Big hazy eyes. Saffron kurta and classy earring. It has been perhaps six months since she is waiting with yet same restless eyes. Everyday. For him. For the man, whose name she doesn’t know. For the face, she barely knows. For herself. Driven by his words- Believe a little more.

“Perhaps I’m gonna be little late……”, beeped my phone inbox. Little. Irony. Not again.

It has been four days since we shared this seat at this busy metro station and twenty minutes since we ever talked.

But I’m quite largely awed by her little secret.

She had been here at nearly this hour, same station six months back, when she was new to this city. She came here to try her luck. This city tested her naivety. Nothing turned right. She got into the metro to reach her place. She tells me, “I had decided I was leaving this city next morning”. Soon she realized she was not heading the right route. She had missed to change the route in between. “I got confused by all those yellow, blue lines. Metro routes. “I almost broke down. Then, he helped me out. He dropped me to the right station, and then he returned the other way around.” The Samaritan. “I broke down and cried ‘I’m returning home tomorrow…’ He just told- “Believe a little more.” Simple as that; it drove her energy to achieve what she has today. A week later, she has been waiting for him. She has been waiting everyday few hours after her work, searching for the face, then boarding metro at 11 pm, the same time and the same compartment she had boarded that day. Just to thank him. Perhaps more.

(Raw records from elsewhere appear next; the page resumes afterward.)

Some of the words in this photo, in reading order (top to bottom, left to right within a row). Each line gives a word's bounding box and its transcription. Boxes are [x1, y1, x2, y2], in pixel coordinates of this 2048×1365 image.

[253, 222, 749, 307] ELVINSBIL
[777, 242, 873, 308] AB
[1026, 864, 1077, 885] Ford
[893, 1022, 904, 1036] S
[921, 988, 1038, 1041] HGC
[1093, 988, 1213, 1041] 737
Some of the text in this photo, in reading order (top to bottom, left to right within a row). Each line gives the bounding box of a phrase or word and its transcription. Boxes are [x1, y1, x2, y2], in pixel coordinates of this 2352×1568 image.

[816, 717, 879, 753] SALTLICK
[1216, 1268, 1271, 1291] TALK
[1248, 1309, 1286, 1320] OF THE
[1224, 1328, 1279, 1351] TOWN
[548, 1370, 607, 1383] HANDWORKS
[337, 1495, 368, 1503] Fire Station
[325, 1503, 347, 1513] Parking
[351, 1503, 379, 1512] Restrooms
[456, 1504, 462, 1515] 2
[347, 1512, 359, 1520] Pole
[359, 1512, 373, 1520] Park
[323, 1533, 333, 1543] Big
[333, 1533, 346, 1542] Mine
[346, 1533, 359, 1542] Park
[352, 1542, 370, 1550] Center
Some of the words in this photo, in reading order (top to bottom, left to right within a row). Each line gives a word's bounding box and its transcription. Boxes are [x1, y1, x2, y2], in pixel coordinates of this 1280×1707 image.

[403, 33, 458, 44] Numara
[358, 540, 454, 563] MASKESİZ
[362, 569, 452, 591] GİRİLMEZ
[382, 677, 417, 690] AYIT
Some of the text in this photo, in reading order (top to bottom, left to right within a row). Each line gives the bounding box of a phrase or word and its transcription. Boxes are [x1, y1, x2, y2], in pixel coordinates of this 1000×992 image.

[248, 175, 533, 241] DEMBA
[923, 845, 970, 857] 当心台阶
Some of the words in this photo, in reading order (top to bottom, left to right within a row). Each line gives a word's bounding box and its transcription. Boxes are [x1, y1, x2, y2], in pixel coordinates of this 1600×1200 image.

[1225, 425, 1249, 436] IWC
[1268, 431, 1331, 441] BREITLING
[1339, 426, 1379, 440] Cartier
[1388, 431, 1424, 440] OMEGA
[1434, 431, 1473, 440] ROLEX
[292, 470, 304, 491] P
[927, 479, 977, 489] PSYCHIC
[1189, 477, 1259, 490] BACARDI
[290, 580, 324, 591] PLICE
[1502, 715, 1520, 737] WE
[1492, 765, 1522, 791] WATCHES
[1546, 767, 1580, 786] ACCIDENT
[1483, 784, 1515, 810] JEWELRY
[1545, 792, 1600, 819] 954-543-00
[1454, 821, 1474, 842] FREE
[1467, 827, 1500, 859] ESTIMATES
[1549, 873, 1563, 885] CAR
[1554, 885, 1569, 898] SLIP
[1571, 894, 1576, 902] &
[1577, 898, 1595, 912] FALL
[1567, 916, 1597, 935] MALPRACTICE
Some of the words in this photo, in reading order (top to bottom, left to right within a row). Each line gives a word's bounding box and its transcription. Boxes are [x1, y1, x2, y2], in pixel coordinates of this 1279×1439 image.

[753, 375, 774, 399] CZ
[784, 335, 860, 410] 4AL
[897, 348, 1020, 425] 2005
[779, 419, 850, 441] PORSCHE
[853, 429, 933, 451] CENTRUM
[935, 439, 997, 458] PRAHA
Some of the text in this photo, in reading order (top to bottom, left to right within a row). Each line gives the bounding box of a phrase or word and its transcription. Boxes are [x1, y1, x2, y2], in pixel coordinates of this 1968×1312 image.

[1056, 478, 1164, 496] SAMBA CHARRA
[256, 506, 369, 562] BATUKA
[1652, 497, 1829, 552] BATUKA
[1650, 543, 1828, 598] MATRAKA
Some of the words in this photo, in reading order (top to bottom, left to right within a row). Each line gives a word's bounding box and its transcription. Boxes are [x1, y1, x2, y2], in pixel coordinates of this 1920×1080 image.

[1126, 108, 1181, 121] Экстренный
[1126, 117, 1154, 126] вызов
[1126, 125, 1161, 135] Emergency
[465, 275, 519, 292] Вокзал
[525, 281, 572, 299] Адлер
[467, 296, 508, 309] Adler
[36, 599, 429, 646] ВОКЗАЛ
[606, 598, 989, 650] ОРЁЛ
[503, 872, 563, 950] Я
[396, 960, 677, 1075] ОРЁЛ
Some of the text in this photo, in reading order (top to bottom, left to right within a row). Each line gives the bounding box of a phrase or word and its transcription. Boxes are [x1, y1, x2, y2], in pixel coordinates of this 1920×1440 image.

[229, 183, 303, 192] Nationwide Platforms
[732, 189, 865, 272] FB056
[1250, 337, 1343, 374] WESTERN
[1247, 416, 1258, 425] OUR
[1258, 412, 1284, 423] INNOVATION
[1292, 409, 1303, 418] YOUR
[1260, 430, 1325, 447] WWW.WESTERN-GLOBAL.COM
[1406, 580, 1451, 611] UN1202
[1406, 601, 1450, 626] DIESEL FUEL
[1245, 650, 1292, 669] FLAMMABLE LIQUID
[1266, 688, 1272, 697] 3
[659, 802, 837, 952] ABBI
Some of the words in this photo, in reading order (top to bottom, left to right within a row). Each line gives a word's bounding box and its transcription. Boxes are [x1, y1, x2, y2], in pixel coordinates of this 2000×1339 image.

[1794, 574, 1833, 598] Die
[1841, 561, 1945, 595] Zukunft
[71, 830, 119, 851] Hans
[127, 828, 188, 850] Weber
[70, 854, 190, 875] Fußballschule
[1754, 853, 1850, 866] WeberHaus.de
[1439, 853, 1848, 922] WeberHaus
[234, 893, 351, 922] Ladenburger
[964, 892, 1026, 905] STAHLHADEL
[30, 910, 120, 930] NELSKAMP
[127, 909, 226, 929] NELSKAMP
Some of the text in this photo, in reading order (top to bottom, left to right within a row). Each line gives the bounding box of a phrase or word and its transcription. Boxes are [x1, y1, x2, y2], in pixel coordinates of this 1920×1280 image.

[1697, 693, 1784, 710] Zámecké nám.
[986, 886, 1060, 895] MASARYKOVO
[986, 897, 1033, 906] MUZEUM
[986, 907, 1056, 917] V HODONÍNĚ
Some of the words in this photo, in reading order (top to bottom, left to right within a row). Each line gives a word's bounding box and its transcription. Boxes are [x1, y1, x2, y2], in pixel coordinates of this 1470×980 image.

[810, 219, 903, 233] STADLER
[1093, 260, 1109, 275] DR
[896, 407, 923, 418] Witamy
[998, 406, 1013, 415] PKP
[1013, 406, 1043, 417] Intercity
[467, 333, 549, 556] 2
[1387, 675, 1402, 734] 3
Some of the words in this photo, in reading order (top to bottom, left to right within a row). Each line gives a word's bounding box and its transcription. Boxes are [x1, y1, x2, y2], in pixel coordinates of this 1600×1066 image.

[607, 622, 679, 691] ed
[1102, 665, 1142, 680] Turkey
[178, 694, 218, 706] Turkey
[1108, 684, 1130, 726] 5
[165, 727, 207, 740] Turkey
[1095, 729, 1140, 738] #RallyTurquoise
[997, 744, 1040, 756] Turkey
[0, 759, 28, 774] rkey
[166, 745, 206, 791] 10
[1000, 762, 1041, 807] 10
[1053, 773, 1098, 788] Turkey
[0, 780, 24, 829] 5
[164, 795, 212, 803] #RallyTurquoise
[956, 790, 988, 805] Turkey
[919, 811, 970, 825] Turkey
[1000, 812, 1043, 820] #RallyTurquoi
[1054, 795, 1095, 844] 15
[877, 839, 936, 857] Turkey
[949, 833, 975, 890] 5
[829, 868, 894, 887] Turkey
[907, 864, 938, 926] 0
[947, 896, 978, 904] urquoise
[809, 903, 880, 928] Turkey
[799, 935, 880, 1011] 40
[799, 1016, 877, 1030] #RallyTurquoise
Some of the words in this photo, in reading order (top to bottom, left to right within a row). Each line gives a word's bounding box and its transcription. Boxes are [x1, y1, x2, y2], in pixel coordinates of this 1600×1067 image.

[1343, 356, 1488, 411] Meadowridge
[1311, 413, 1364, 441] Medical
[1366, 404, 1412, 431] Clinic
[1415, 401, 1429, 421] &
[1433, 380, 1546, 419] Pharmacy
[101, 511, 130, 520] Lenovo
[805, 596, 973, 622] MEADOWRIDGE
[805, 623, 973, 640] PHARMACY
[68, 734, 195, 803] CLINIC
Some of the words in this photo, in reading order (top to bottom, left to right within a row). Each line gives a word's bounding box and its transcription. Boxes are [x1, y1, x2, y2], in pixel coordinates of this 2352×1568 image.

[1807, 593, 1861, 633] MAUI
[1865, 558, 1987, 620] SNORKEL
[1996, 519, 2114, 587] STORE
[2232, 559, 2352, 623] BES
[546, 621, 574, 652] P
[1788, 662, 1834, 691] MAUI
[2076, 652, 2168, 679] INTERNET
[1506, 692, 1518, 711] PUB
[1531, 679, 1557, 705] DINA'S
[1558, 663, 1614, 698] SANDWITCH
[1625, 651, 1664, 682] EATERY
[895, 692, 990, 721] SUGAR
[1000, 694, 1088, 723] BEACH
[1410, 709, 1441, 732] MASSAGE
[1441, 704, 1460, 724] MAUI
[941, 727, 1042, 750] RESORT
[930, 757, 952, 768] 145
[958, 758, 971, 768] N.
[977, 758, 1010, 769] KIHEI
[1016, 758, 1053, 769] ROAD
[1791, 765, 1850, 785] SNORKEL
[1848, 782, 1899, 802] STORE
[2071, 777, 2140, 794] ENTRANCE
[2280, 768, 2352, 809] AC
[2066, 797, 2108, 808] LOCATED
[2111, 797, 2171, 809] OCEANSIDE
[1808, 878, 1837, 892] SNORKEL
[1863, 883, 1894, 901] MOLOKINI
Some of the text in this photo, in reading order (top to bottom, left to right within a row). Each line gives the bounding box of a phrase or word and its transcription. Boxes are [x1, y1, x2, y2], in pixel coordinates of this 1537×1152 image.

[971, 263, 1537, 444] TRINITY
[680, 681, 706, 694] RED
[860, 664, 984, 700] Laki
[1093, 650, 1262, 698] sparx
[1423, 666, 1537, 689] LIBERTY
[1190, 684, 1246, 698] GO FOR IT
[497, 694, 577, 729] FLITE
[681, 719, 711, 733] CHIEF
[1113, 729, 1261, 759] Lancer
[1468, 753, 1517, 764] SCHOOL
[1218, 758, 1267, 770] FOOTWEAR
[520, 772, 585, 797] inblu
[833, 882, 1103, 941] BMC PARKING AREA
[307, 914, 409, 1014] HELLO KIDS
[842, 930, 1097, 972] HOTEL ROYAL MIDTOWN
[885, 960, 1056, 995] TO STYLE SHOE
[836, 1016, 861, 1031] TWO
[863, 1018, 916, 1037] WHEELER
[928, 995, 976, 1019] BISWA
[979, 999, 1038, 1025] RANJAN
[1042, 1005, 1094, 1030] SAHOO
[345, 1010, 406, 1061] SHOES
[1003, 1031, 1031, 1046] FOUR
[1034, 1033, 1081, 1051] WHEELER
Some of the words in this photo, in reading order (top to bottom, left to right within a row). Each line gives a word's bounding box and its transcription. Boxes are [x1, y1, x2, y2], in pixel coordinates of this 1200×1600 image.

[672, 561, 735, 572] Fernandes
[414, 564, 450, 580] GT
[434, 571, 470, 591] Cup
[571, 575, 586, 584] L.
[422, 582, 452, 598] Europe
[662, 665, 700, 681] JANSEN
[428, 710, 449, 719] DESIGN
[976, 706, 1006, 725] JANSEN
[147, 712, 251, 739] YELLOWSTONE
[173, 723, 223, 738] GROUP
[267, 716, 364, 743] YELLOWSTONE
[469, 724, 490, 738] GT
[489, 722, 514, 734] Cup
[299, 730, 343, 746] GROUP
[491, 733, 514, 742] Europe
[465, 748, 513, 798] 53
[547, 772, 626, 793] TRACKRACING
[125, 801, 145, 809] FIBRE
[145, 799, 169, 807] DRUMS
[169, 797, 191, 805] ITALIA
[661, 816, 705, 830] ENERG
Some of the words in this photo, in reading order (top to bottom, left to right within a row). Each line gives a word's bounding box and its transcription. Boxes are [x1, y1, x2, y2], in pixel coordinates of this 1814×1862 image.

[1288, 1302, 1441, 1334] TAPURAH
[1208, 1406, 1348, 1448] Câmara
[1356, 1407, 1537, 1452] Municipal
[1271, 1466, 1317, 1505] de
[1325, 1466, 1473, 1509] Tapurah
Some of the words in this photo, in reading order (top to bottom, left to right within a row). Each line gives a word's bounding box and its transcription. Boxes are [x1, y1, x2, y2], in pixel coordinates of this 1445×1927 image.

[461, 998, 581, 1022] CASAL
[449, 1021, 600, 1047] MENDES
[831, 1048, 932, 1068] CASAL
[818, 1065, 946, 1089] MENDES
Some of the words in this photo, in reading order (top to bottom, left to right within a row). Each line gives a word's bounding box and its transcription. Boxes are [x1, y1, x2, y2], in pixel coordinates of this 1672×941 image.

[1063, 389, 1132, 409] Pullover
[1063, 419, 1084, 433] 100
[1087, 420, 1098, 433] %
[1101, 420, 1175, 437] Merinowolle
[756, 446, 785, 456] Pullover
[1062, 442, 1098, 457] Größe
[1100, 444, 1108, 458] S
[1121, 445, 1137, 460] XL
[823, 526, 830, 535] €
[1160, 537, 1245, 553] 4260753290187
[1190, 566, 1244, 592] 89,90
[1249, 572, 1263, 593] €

I ask her why has she been boarding same compartment, same station, same time? Why not different compartment at least?

She laughs. “I don’t know. I was never good at Math. Better the same compartment, same time. It would be greater probability, I guess. And a better surprise, I believe.”

Her words, quite a delight.

“What if he never turns out?” I’m now little worried about her.

She smiles a bit. “It would be good if he turns out. But if he doesn’t turn out, I guess, it won’t matter much. This is just I’m doing it for myself, rather than him; I’m pampering myself, making myself happy. Perhaps I won’t wait for him forever. Or I will; don’t know how long; only till I’m happy doing this. What really matters is I waited. Because I felt doing so.”

The clock struck 11. She rose to board her habit. We smiled at our little secret.

Beep. “A little more time, I guess.” Not again.

The speed of metro passing by makes me wonder how paradoxically her wait relates to mine. She has been waiting for the man she barely knows for this long. And I was here waiting for Nishant, love of my life; at least I used to think so for 5 years. Only I couldn’t stand waiting for him.

It has not been good since Nishant joined new job. We have been fighting. He says he is doing everything for our good; I don’t see any reason how. He gets so busy in work that he barely talks to me on phone, let alone meet like we used to. He tells me to wait for him so we could board metro together to our home. Only this idea of his makes me miss the last train and travel two hours by bus to get home in the dead night. I don’t know what I’m waiting for…

Just when the ring for the last train starts to ring, I see a familiar hair out of crowd running towards me. And the smile.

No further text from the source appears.